** Opening SUPPLIED MATERIAL block **
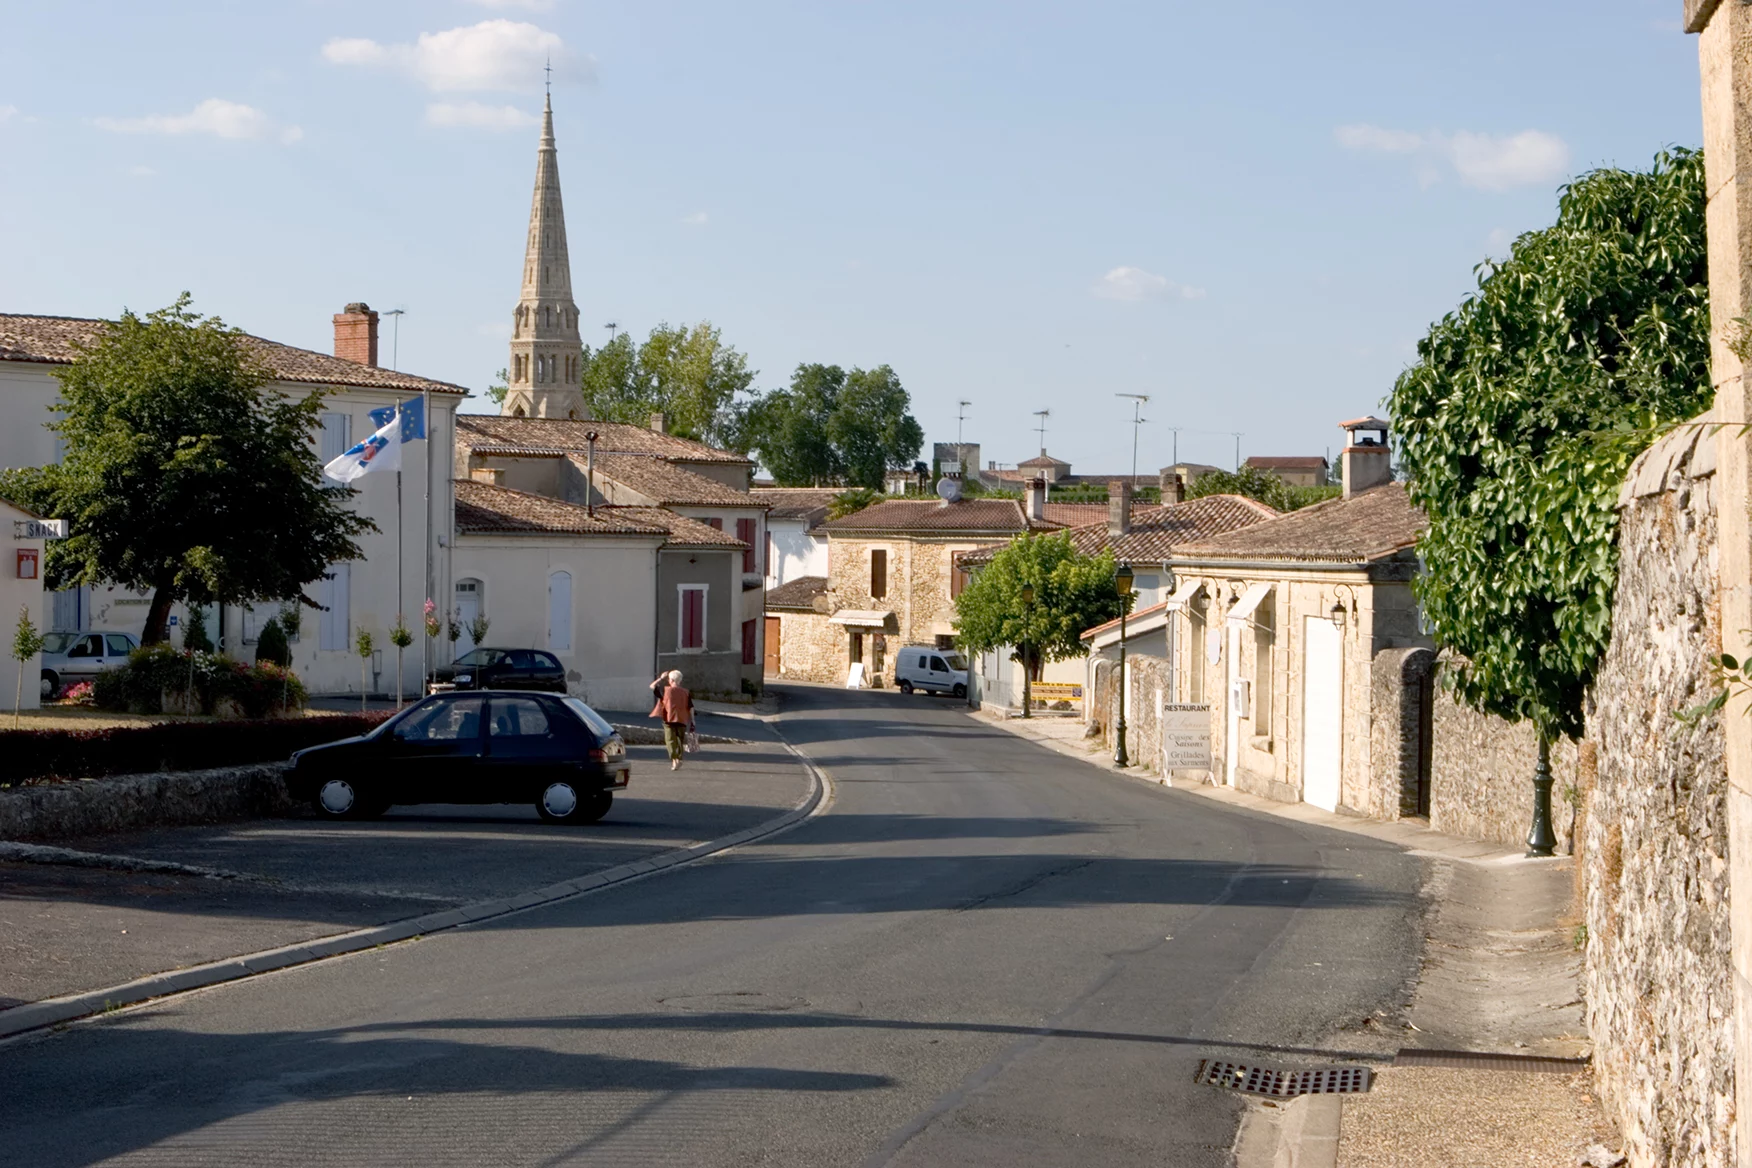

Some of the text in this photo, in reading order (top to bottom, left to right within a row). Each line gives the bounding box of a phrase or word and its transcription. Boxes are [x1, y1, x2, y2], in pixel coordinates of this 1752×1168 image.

[29, 522, 59, 537] SNACK
[1168, 733, 1210, 741] Cuisine des
[1174, 740, 1204, 748] Saisons
[1170, 750, 1205, 759] Grillades
[1179, 758, 1209, 767] Sarments
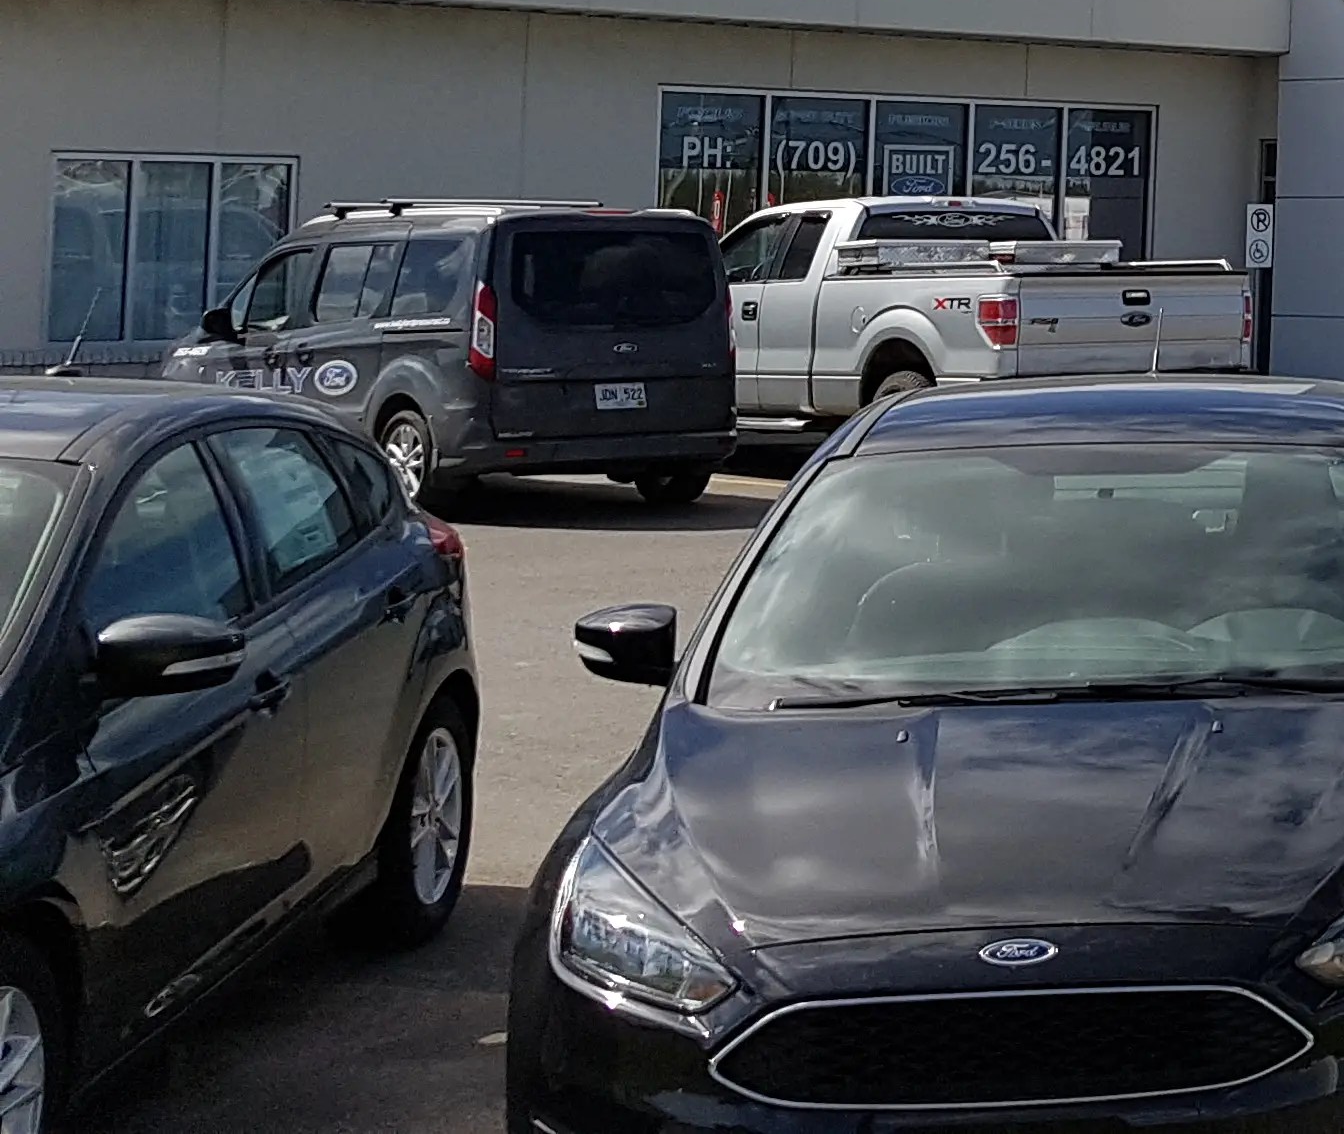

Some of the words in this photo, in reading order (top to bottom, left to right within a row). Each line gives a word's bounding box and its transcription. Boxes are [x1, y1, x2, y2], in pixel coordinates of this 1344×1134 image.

[682, 136, 732, 168] PH:
[776, 138, 857, 179] (709)
[1069, 145, 1141, 176] 4821
[891, 153, 946, 174] BUILT
[932, 297, 972, 310] XTR
[213, 365, 316, 395] KELLY
[623, 386, 644, 401] 522
[996, 943, 1040, 959] Ford
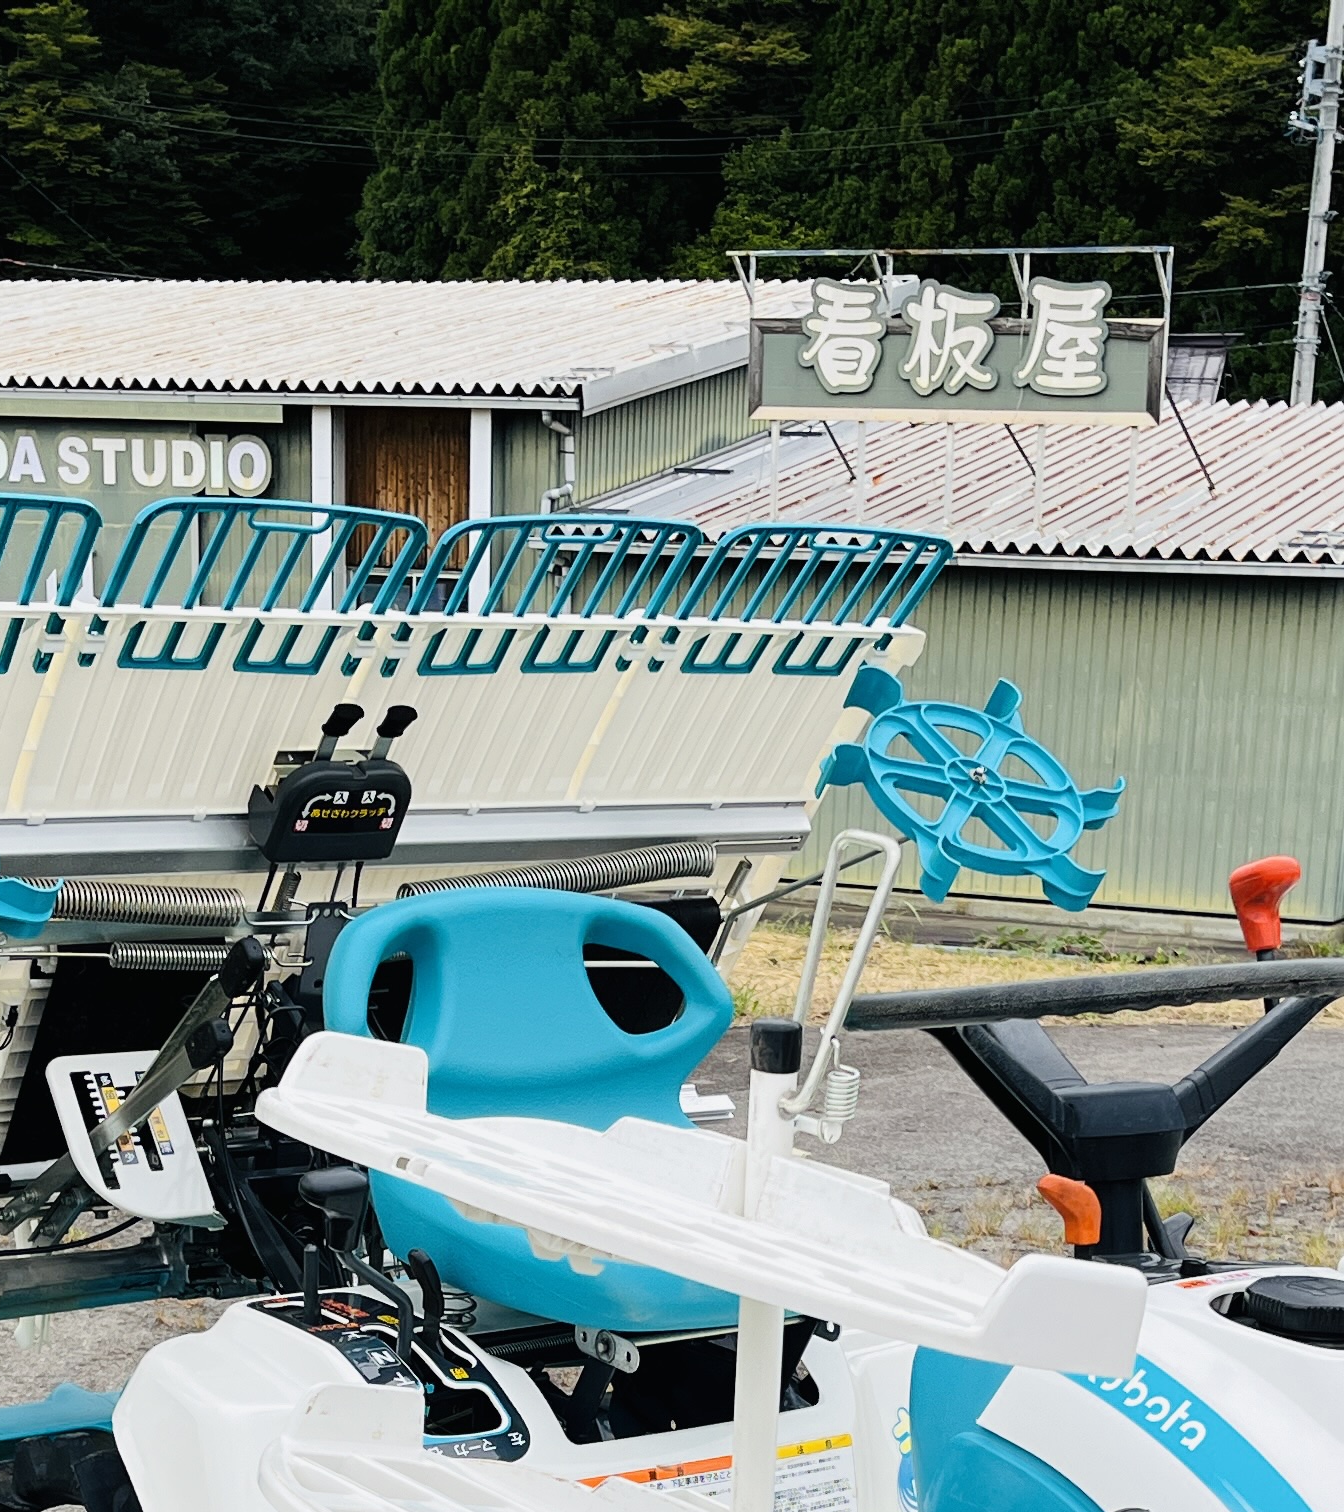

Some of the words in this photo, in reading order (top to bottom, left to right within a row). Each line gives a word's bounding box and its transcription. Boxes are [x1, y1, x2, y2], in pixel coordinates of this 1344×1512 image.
** Closing SUPPLIED MATERIAL block **
> **TASK INSTRUCTIONS**: Line by line, return the listing above exactly, dropping every picture.

> **EXERCISE OUTPUT**:
Some of the text in this photo, in reading order (top to bottom, left to right within a row). Each line gives the bounding box of a phrase or word and its transcription. Boxes are [x1, y1, x2, y2], in pixel coordinates of this 1752×1168 image.

[29, 522, 59, 537] SNACK
[1168, 733, 1210, 741] Cuisine des
[1174, 740, 1204, 748] Saisons
[1170, 750, 1205, 759] Grillades
[1179, 758, 1209, 767] Sarments

Some of the words in this photo, in reading order (top to bottom, left to right within a row). Each line gives a word's bounding box and its transcription. Boxes are [x1, y1, x2, y2], in pixel coordinates of this 1344×1134 image.

[682, 136, 732, 168] PH:
[776, 138, 857, 179] (709)
[1069, 145, 1141, 176] 4821
[891, 153, 946, 174] BUILT
[932, 297, 972, 310] XTR
[213, 365, 316, 395] KELLY
[623, 386, 644, 401] 522
[996, 943, 1040, 959] Ford

Some of the words in this photo, in reading order (top to bottom, left to right within a row). Each line gives a word's bounding box and its transcription. Boxes are [x1, y1, x2, y2], in pixel coordinates of this 1344×1512 image.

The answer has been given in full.